All of the data, from the first line to the last, should be reproduced without alteration.

= Beginning of Section =

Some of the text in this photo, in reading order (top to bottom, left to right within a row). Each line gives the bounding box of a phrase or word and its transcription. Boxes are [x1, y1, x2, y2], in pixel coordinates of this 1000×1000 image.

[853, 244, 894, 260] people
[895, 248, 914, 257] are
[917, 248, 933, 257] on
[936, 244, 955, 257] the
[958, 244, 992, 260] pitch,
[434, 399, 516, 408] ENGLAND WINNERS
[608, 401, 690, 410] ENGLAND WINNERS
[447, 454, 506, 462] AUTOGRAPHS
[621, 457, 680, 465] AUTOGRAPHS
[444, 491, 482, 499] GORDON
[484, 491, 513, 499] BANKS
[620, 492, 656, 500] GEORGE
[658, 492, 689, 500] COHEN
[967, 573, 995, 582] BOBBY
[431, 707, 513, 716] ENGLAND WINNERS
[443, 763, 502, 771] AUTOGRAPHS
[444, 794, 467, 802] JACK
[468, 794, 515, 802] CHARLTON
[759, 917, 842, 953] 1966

= End of Section =

**Written response**
Some of the text in this photo, in reading order (top to bottom, left to right within a row). Each line gives the bounding box of a phrase or word and its transcription. Boxes are [x1, y1, x2, y2], in pixel coordinates of this 1000×1000 image.

[853, 244, 894, 260] people
[895, 248, 914, 257] are
[917, 248, 933, 257] on
[936, 244, 955, 257] the
[958, 244, 992, 260] pitch,
[434, 399, 516, 408] ENGLAND WINNERS
[608, 401, 690, 410] ENGLAND WINNERS
[447, 454, 506, 462] AUTOGRAPHS
[621, 457, 680, 465] AUTOGRAPHS
[444, 491, 482, 499] GORDON
[484, 491, 513, 499] BANKS
[620, 492, 656, 500] GEORGE
[658, 492, 689, 500] COHEN
[967, 573, 995, 582] BOBBY
[431, 707, 513, 716] ENGLAND WINNERS
[443, 763, 502, 771] AUTOGRAPHS
[444, 794, 467, 802] JACK
[468, 794, 515, 802] CHARLTON
[759, 917, 842, 953] 1966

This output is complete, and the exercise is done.